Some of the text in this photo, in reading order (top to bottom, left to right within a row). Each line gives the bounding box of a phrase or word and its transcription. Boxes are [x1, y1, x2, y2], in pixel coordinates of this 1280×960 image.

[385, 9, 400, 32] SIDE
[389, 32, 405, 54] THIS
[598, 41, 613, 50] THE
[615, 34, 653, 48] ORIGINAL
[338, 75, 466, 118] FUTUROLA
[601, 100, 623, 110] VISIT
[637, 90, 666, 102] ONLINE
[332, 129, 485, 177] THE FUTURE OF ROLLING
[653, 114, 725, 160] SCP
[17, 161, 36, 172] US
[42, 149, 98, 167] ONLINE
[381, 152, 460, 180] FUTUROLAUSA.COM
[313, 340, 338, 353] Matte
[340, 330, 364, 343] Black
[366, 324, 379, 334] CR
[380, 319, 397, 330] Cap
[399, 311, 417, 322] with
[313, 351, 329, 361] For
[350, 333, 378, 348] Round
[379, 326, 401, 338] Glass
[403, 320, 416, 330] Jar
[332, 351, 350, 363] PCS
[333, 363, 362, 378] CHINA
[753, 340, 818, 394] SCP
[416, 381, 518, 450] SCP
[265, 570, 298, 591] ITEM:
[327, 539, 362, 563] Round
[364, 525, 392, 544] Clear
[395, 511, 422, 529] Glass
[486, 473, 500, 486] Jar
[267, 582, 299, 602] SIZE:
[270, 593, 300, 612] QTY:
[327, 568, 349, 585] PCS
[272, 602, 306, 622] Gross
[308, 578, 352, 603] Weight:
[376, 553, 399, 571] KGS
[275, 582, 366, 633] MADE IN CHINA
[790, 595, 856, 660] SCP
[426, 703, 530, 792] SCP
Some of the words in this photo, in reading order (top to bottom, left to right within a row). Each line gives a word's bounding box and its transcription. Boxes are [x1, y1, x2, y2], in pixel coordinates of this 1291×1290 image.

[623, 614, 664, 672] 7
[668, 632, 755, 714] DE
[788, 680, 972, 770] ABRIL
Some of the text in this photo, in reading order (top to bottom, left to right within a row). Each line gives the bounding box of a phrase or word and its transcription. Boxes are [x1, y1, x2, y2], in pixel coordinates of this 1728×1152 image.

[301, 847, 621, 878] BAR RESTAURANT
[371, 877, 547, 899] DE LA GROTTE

What you should do: Output the lines from the one with "this 1728×1152 image." through the end of the records above, exactly, including both ends, and nothing besides.

Finished exercise:
Some of the text in this photo, in reading order (top to bottom, left to right within a row). Each line gives the bounding box of a phrase or word and its transcription. Boxes are [x1, y1, x2, y2], in pixel coordinates of this 1728×1152 image.

[301, 847, 621, 878] BAR RESTAURANT
[371, 877, 547, 899] DE LA GROTTE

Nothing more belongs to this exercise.